Problem statement:
Your output should match the listing below word for word, without any images.

Available data:
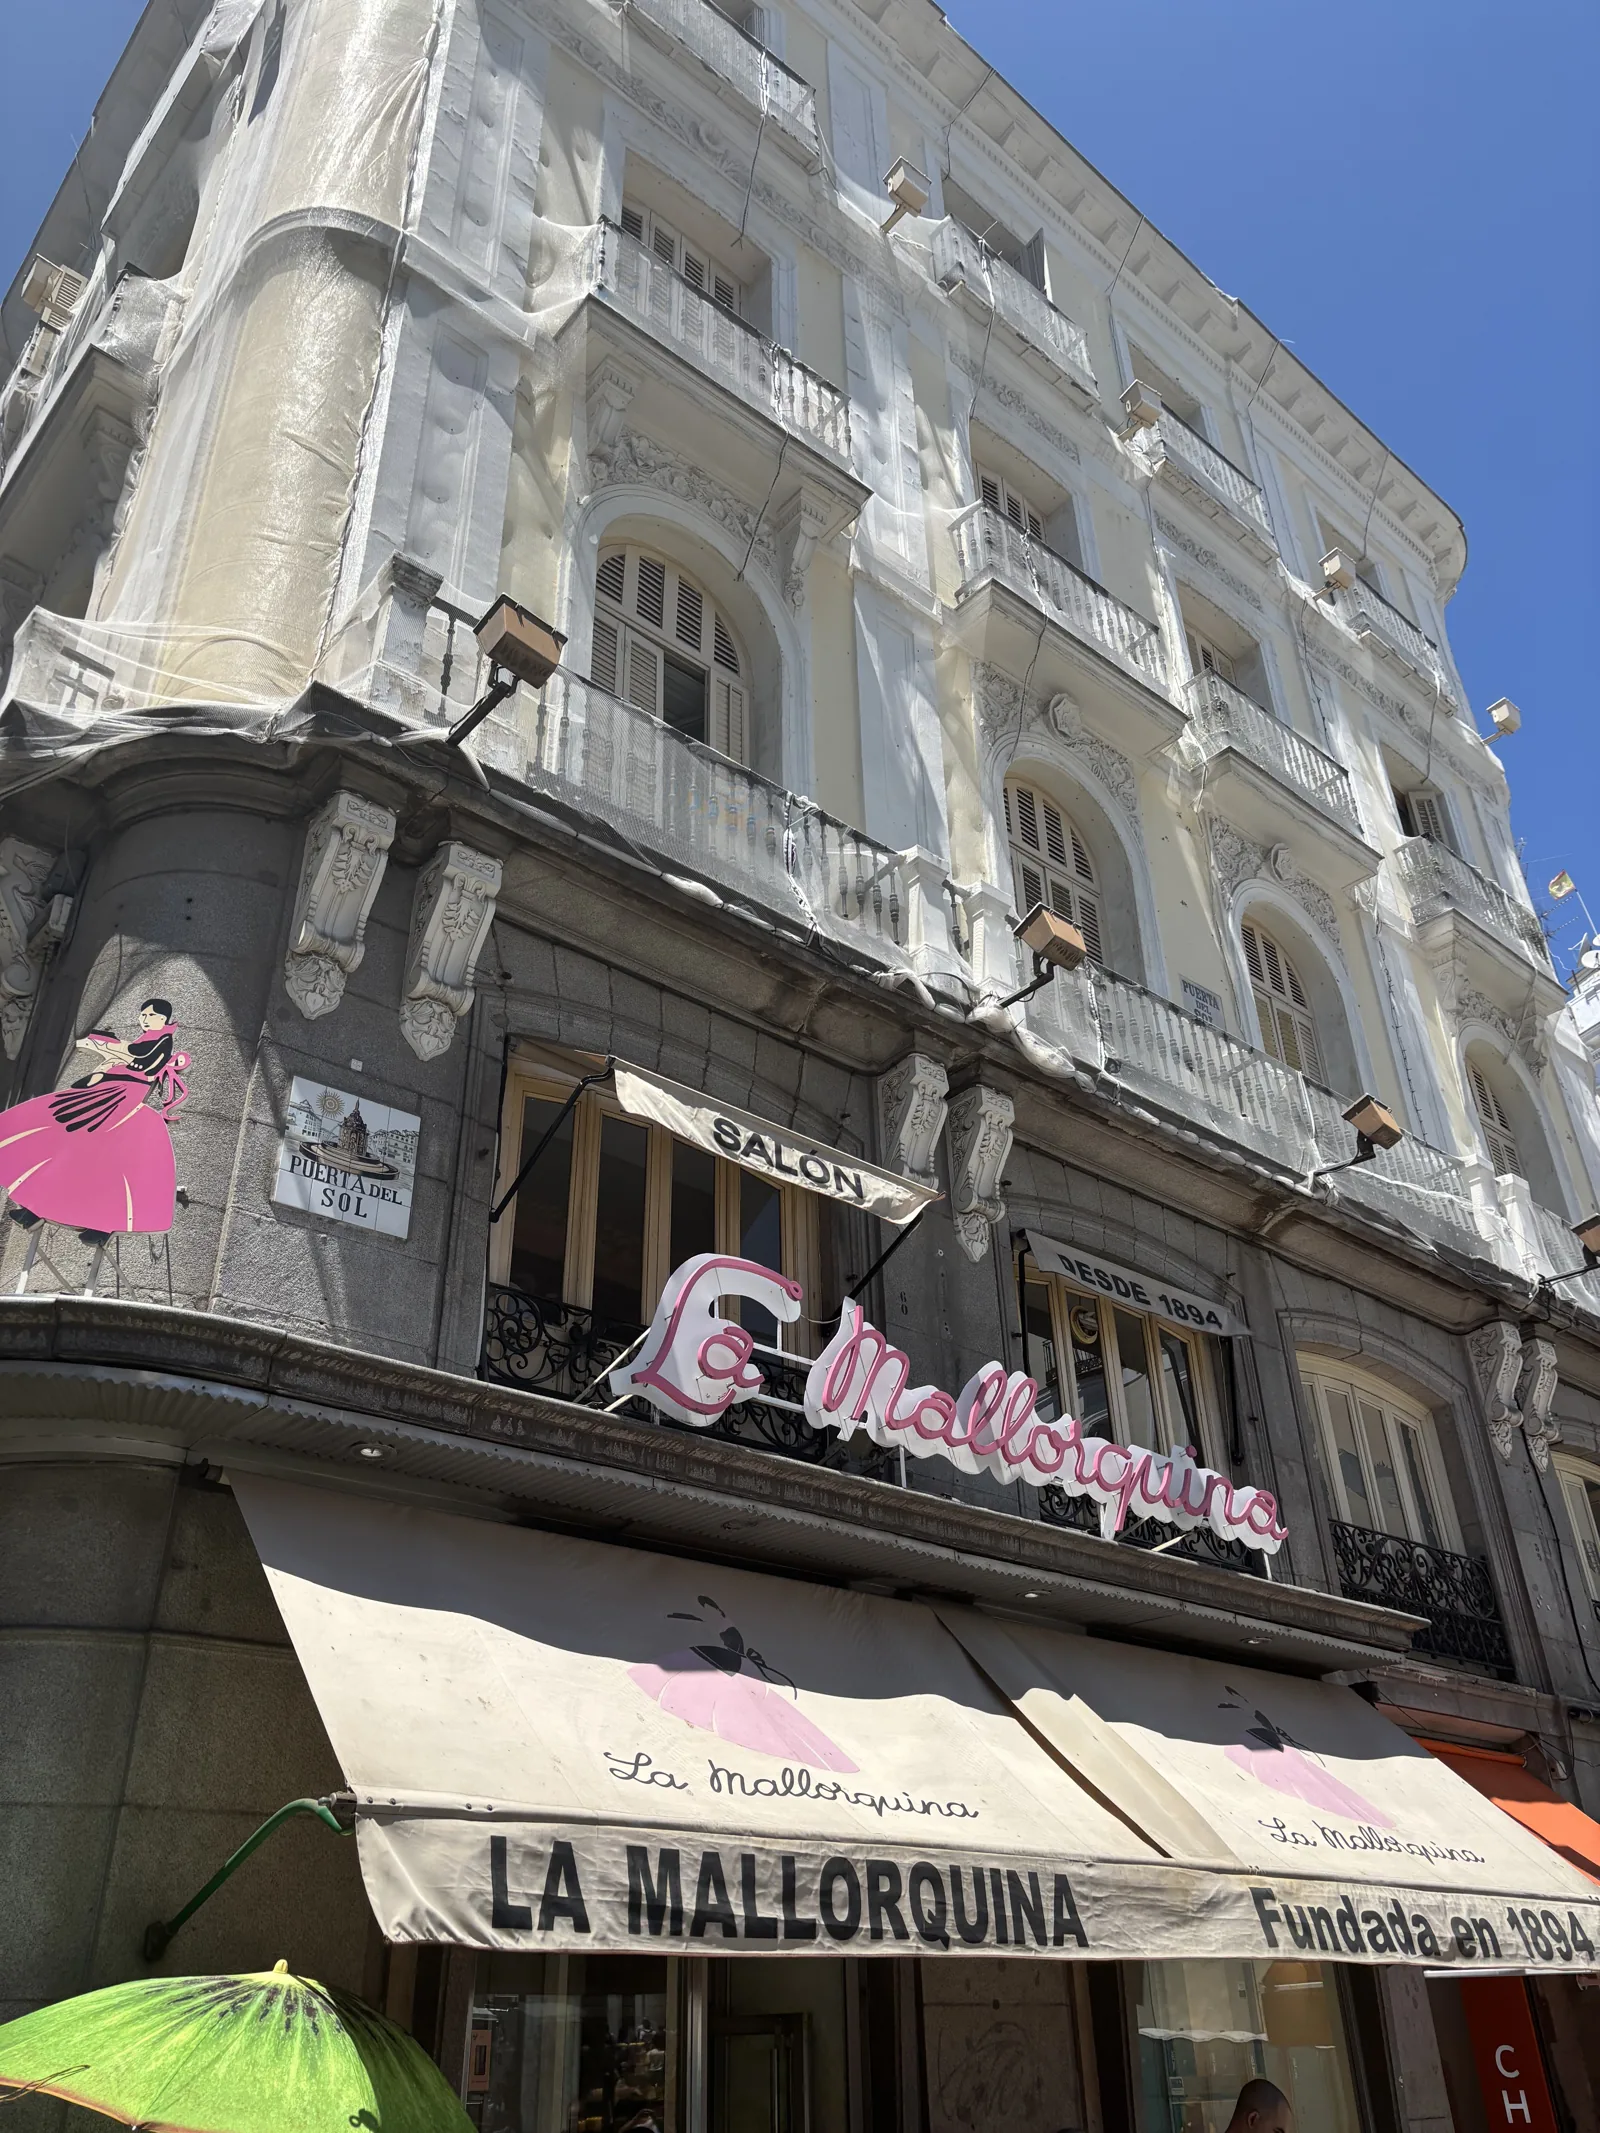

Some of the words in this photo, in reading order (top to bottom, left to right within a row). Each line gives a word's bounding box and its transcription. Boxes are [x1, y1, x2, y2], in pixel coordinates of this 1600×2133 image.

[1182, 980, 1220, 1010] PUERTA
[1196, 1000, 1211, 1015] DEL
[289, 1155, 366, 1195] PUERTA
[368, 1183, 403, 1205] DEL
[713, 1117, 864, 1199] SALÓN
[321, 1188, 367, 1218] SOL
[1056, 1253, 1151, 1305] DESDE
[1158, 1293, 1223, 1329] 1894
[630, 1257, 804, 1417] La
[821, 1304, 1288, 1541] Mallorquina
[603, 1751, 688, 1790] La
[708, 1759, 980, 1819] Mallorquina
[1258, 1817, 1317, 1847] La
[1312, 1819, 1485, 1866] Mallorquina
[490, 1835, 591, 1934] LA
[627, 1845, 1090, 1951] MALLORQUINA
[1249, 1886, 1441, 1957] Fundada
[1450, 1916, 1502, 1959] en
[1506, 1906, 1596, 1962] 1894
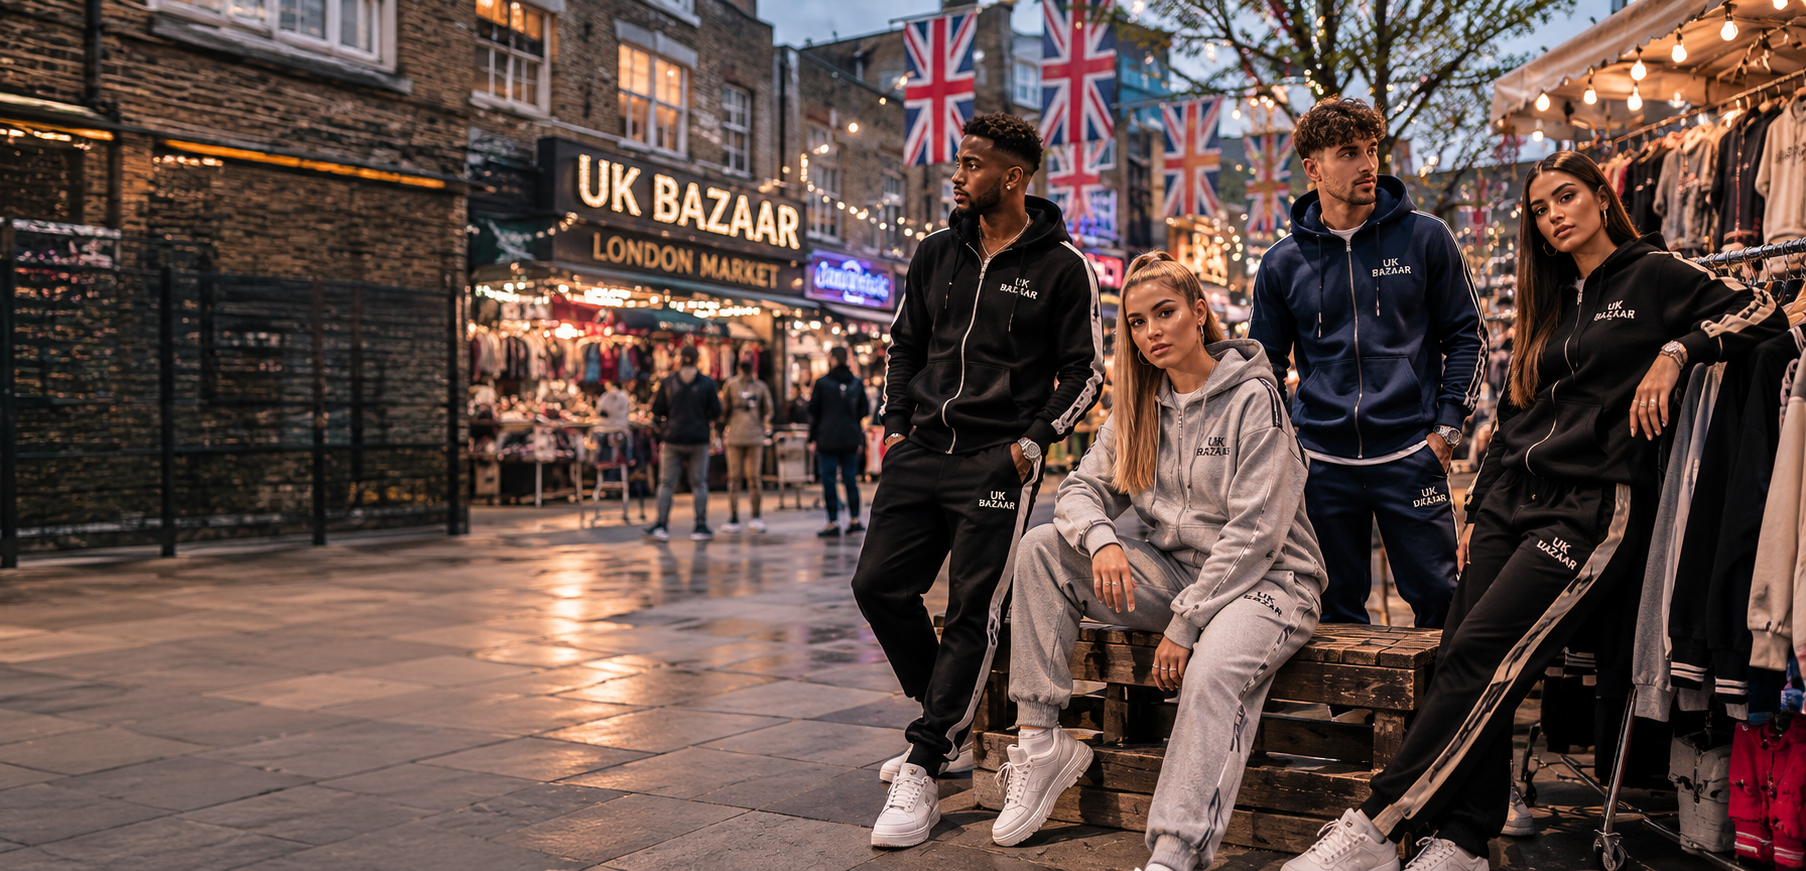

Your response:
Some of the words in this photo, in reading order (top to bottom, left to right within a row). Each line gives a word's bounding box and its transcription. Boxes are [x1, y1, x2, y2], in pixel coordinates of this 1600×2133 image.

[1182, 980, 1220, 1010] PUERTA
[1196, 1000, 1211, 1015] DEL
[289, 1155, 366, 1195] PUERTA
[368, 1183, 403, 1205] DEL
[713, 1117, 864, 1199] SALÓN
[321, 1188, 367, 1218] SOL
[1056, 1253, 1151, 1305] DESDE
[1158, 1293, 1223, 1329] 1894
[630, 1257, 804, 1417] La
[821, 1304, 1288, 1541] Mallorquina
[603, 1751, 688, 1790] La
[708, 1759, 980, 1819] Mallorquina
[1258, 1817, 1317, 1847] La
[1312, 1819, 1485, 1866] Mallorquina
[490, 1835, 591, 1934] LA
[627, 1845, 1090, 1951] MALLORQUINA
[1249, 1886, 1441, 1957] Fundada
[1450, 1916, 1502, 1959] en
[1506, 1906, 1596, 1962] 1894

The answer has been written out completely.